To use a pipeline aggregation in Elasticsearch, you can follow these general steps:
1. Define the initial aggregation: Define the initial aggregation that will generate the data that you want to perform additional calculations on. This might be a terms aggregation, a date histogram aggregation, or any other type of aggregation that generates buckets of data.
2. Define the pipeline aggregation: Define the pipeline aggregation that will operate on the results of the initial aggregation. This might be an average bucket pipeline aggregation, a cumulative sum pipeline aggregation, a moving average pipeline aggregation, or any other type of pipeline aggregation that performs additional calculations on the data.
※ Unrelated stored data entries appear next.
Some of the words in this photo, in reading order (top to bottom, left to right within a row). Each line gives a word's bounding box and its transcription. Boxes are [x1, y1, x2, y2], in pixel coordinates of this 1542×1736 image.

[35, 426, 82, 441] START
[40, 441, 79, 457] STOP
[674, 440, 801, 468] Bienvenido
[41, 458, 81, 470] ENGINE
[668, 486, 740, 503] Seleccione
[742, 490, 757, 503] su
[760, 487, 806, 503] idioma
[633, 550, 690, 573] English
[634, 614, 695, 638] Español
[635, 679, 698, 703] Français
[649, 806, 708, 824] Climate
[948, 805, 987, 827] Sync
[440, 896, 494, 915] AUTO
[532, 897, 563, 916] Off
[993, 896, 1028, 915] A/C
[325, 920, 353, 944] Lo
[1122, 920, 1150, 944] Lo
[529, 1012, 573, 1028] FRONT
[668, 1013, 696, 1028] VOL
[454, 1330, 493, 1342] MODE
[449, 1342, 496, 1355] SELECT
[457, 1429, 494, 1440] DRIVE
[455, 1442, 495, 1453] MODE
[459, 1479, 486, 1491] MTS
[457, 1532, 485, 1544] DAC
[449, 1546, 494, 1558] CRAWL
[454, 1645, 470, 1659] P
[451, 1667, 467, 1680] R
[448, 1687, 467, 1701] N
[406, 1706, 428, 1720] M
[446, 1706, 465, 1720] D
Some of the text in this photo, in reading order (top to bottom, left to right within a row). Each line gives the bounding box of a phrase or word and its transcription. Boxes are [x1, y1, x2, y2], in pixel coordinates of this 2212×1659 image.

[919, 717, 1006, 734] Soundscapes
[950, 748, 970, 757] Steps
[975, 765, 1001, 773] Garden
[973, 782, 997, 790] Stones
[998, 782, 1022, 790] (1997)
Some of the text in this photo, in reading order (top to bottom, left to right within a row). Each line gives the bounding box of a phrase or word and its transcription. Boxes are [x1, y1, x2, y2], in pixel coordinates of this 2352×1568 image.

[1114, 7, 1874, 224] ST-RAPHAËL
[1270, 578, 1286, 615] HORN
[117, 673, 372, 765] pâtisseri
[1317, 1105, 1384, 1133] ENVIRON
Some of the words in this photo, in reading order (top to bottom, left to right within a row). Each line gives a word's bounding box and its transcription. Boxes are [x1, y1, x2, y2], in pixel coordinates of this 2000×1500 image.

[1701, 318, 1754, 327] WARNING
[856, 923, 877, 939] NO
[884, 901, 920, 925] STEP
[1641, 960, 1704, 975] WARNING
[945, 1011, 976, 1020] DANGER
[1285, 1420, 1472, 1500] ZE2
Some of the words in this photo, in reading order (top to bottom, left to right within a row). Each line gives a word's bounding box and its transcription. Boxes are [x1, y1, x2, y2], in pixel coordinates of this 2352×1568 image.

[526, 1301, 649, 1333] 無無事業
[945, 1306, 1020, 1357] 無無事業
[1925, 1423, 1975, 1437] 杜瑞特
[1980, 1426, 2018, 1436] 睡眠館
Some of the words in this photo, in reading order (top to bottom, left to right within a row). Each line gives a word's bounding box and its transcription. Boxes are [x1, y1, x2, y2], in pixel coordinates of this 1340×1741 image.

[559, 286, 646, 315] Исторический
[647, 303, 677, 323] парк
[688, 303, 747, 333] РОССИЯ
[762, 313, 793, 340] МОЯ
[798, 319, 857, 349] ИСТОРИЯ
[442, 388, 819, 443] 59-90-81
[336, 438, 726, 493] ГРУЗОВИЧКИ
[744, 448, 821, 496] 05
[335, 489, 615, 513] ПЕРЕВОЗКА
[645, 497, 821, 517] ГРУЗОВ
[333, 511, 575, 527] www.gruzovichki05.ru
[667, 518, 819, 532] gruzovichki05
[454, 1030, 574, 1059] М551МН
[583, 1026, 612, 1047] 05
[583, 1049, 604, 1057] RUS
3. Define the buckets path: Define the buckets path that the pipeline aggregation will operate on. The buckets path specifies the name of the aggregation that the pipeline aggregation will operate on, as well as any sub-aggregations that you want to include. You can use dot notation to specify sub-aggregations.
4. Execute the query: Send the query to Elasticsearch using the Search API. The API will return a response that includes the results of the initial aggregation and the pipeline aggregation.
Here’s an example of a search query that includes a terms aggregation and an average bucket pipeline aggregation:
{
"aggs": {
"by_category": {
"terms": {
"field": "category"
},
"aggs": {
"total_sales": {
"sum": {
"field": "sales"
}
},
"avg_sales": {
"avg_bucket": {
"buckets_path": "total_sales"
}
}
}
}
}
}
In this example, the search query includes a terms aggregation that groups documents by the values in the “category” field, as well as a sum aggregation that calculates the total sales for each category. The average bucket pipeline aggregation then calculates the average sales for each category.
Note that the exact configuration of your pipeline aggregation will depend on your specific use case and requirements. You can experiment with different pipeline aggregations and buckets paths to generate the metrics that you need for your analysis.